## Exercise goal
Give as output the line that contains "this 1920×1279 image.", followed by every remaining line of the entries, unchanged and with nothing added.

## Material for the task

━━━━━━━━━━

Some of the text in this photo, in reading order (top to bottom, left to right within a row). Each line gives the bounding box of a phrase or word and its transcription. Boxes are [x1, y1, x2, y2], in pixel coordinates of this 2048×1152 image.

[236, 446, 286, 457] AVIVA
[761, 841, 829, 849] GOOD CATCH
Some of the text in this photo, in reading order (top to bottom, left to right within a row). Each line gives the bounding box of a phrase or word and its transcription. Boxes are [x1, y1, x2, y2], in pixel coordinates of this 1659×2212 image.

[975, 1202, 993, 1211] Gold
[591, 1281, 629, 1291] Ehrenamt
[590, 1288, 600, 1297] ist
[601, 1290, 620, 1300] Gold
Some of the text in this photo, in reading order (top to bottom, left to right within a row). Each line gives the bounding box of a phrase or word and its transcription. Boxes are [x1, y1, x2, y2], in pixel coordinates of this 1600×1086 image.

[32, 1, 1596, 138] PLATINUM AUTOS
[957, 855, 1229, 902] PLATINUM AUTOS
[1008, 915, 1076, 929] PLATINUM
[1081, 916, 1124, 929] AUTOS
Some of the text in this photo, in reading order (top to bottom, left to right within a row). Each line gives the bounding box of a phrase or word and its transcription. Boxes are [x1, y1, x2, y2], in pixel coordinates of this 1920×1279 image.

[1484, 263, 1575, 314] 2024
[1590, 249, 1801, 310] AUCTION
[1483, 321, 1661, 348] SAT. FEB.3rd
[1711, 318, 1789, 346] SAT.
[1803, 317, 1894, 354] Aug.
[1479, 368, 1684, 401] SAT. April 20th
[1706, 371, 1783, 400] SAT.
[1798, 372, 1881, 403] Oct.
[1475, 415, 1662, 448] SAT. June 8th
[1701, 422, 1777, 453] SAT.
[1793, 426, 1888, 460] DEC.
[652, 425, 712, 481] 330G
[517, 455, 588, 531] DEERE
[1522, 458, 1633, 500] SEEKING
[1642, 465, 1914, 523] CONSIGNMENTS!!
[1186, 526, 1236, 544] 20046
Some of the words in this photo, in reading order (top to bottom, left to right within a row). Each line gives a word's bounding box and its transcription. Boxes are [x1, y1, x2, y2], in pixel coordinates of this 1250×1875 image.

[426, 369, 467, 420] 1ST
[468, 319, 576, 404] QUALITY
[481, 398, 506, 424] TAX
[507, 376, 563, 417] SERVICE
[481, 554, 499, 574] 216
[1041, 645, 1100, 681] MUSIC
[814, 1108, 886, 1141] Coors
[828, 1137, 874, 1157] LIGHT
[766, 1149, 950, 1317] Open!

━━━━━━━━━━

## Response to the exercise
Some of the text in this photo, in reading order (top to bottom, left to right within a row). Each line gives the bounding box of a phrase or word and its transcription. Boxes are [x1, y1, x2, y2], in pixel coordinates of this 1920×1279 image.

[1484, 263, 1575, 314] 2024
[1590, 249, 1801, 310] AUCTION
[1483, 321, 1661, 348] SAT. FEB.3rd
[1711, 318, 1789, 346] SAT.
[1803, 317, 1894, 354] Aug.
[1479, 368, 1684, 401] SAT. April 20th
[1706, 371, 1783, 400] SAT.
[1798, 372, 1881, 403] Oct.
[1475, 415, 1662, 448] SAT. June 8th
[1701, 422, 1777, 453] SAT.
[1793, 426, 1888, 460] DEC.
[652, 425, 712, 481] 330G
[517, 455, 588, 531] DEERE
[1522, 458, 1633, 500] SEEKING
[1642, 465, 1914, 523] CONSIGNMENTS!!
[1186, 526, 1236, 544] 20046
Some of the words in this photo, in reading order (top to bottom, left to right within a row). Each line gives a word's bounding box and its transcription. Boxes are [x1, y1, x2, y2], in pixel coordinates of this 1250×1875 image.

[426, 369, 467, 420] 1ST
[468, 319, 576, 404] QUALITY
[481, 398, 506, 424] TAX
[507, 376, 563, 417] SERVICE
[481, 554, 499, 574] 216
[1041, 645, 1100, 681] MUSIC
[814, 1108, 886, 1141] Coors
[828, 1137, 874, 1157] LIGHT
[766, 1149, 950, 1317] Open!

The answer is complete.